The (Restaurant) Doctor Is In |
Page 4 |
Why is Manayunk a success?
"Rents, especially if you got in early, are much lower than Center
City. You want to keep your rent around 5 percent of gross. In Center
City it
runs up and up. What happens when it hits 20 percent? You close. Besides rents-unions. In Center City you have to have union labor for almost
anything. Outside of Center City, and it varies from trade to trade, depending
on how strong they are in the area, you can get away with
nonunion construction. One town in eastern Pennsylvania, I remember rug-
laying was union, metalwork wasn't. Manayunk is still kind of open."

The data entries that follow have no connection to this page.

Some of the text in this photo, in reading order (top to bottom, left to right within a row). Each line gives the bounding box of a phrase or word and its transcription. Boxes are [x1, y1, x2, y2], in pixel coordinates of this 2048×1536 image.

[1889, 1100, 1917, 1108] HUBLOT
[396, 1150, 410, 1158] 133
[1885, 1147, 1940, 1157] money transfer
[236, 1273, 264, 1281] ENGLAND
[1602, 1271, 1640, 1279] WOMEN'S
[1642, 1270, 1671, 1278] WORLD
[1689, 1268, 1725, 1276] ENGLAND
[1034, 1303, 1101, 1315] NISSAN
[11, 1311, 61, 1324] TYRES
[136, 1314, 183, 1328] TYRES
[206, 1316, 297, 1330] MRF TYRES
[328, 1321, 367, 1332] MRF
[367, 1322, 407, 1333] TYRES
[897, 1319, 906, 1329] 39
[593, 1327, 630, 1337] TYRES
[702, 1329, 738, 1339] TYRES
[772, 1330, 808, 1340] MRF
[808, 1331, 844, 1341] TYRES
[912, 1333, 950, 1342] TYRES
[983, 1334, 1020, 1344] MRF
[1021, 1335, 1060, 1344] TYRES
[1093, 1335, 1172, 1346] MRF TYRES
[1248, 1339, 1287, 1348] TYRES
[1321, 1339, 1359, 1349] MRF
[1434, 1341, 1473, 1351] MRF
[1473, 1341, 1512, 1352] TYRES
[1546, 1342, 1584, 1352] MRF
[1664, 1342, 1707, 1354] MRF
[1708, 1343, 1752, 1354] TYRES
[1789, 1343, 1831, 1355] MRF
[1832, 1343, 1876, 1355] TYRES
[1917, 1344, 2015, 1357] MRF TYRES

What about discount books?
"All discounts are terrible. The worst are companies that offer
restaurants cash for future food. It's like crack cocaine for restaurants.
Very
destructive, and very alluring. They say, Here's $50,000, all you owe
us $100,000 worth of food. Even successful restaurants go for it. Restaurants
in trouble-you're running Quinn's Steaks, the suppliers are yelling, refusing
to make new deliveries except for cash. You got tax problems, mortgage
problems ... $50,000 sounds like a gift from heaven. Now the company sells
a credit card to customers, which only charges them 75 percent of what
they spend in you restaurant. The company makes $25,000 - 50 percent on
its investment. You get to pass out food. A year later, you paid off the
old debts, but ran up new ones. Where will you go? Back to that same company.

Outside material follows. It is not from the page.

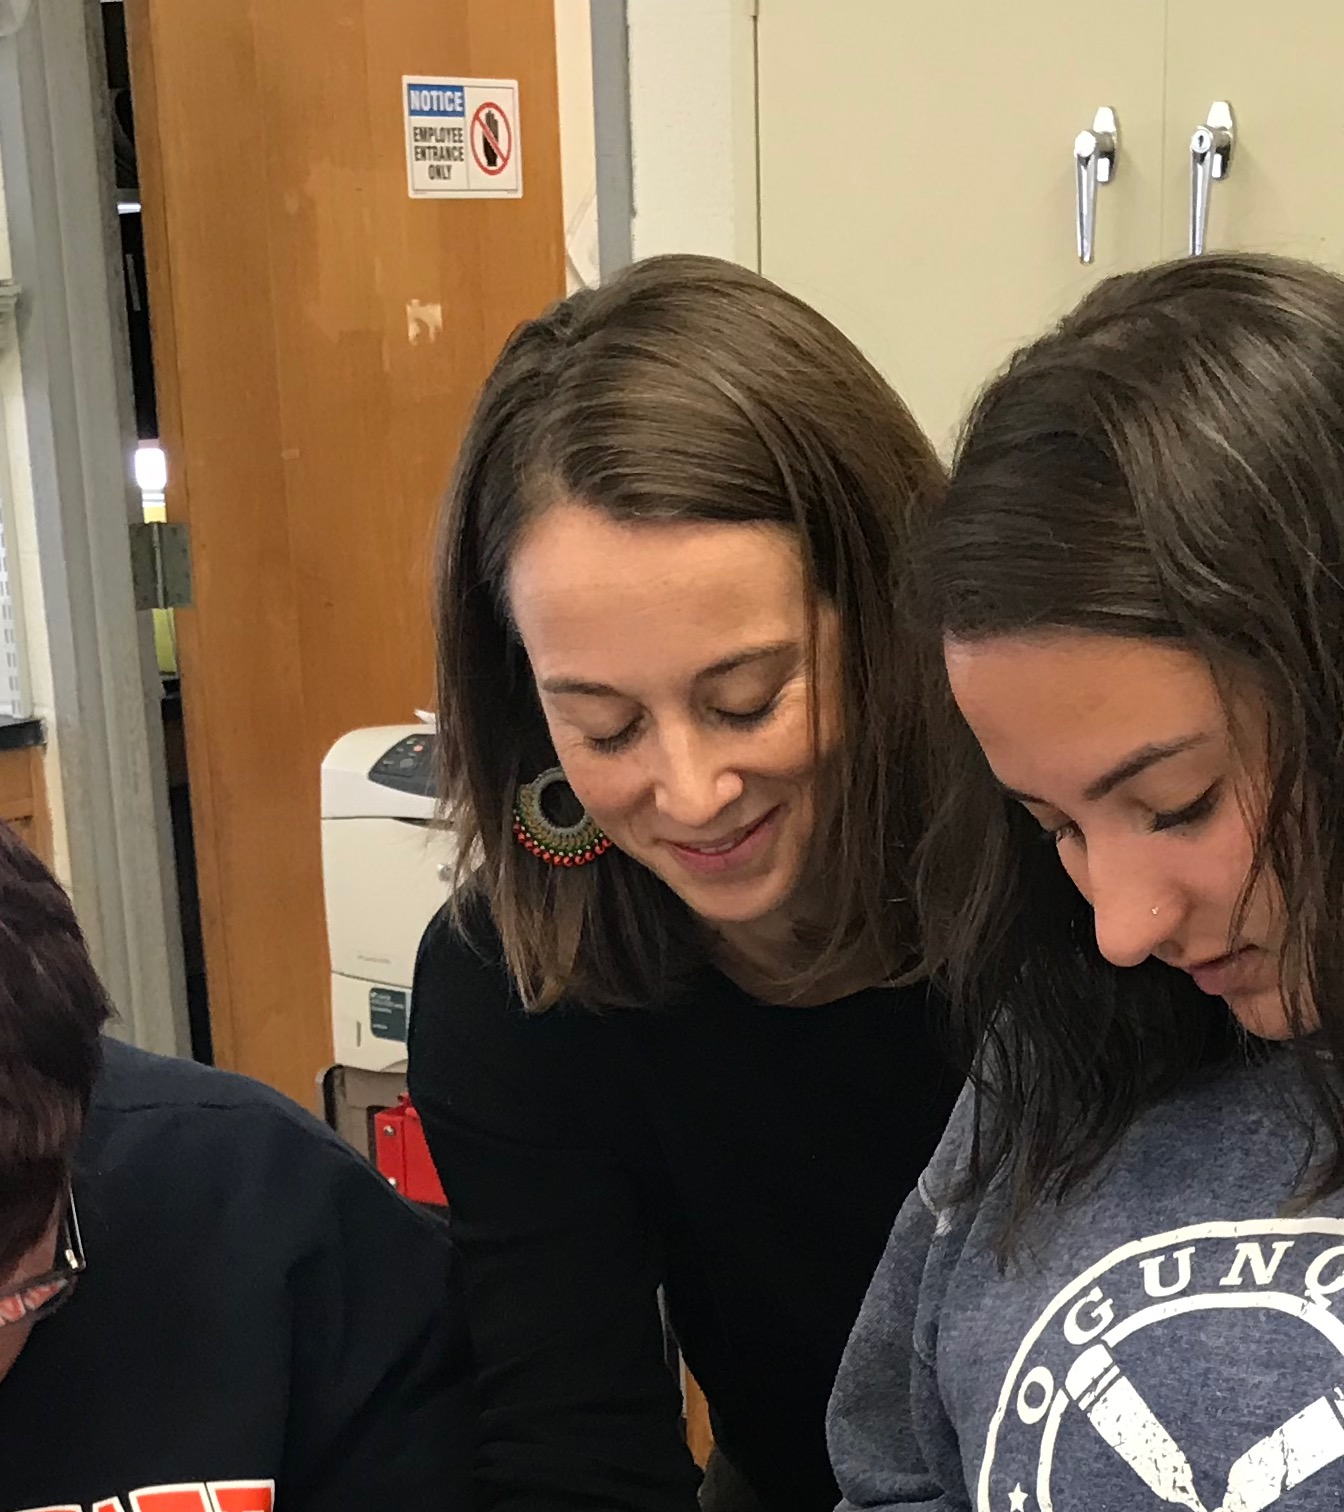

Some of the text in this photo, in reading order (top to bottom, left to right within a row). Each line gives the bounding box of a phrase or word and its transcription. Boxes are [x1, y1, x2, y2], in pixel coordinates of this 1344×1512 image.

[409, 89, 464, 112] NOTICE
[412, 126, 464, 144] EMPLOYEE
[414, 145, 465, 162] ENTRANCE
[427, 164, 453, 180] ONLY

You're hooked. I tell successful restaurant owners- you're better off
charging a bunch of credit cards to the max. At least when you pay them
off you're done. You don't owe customers free food. The companies hate
to hear me say that. I don't give a shit. Anybody's entitled to make a
buck. But not selling cancer.
"Entertainment books-they're not as bad. It's not cancer, it's flu.
A very bad case of the flu. They won't kill you because the customer is
still
paying you money. You just give them 20 percent off, or two meals for
one. You hope you'll get to meet new people and some of them will develop
a loyalty to your restaurant. The trouble is, entertainment-book buyers
are very loyal-to the entertainment book. They go from restaurant to restaurant,
coupon to coupon. They're not looking for food, they're looking for bargains.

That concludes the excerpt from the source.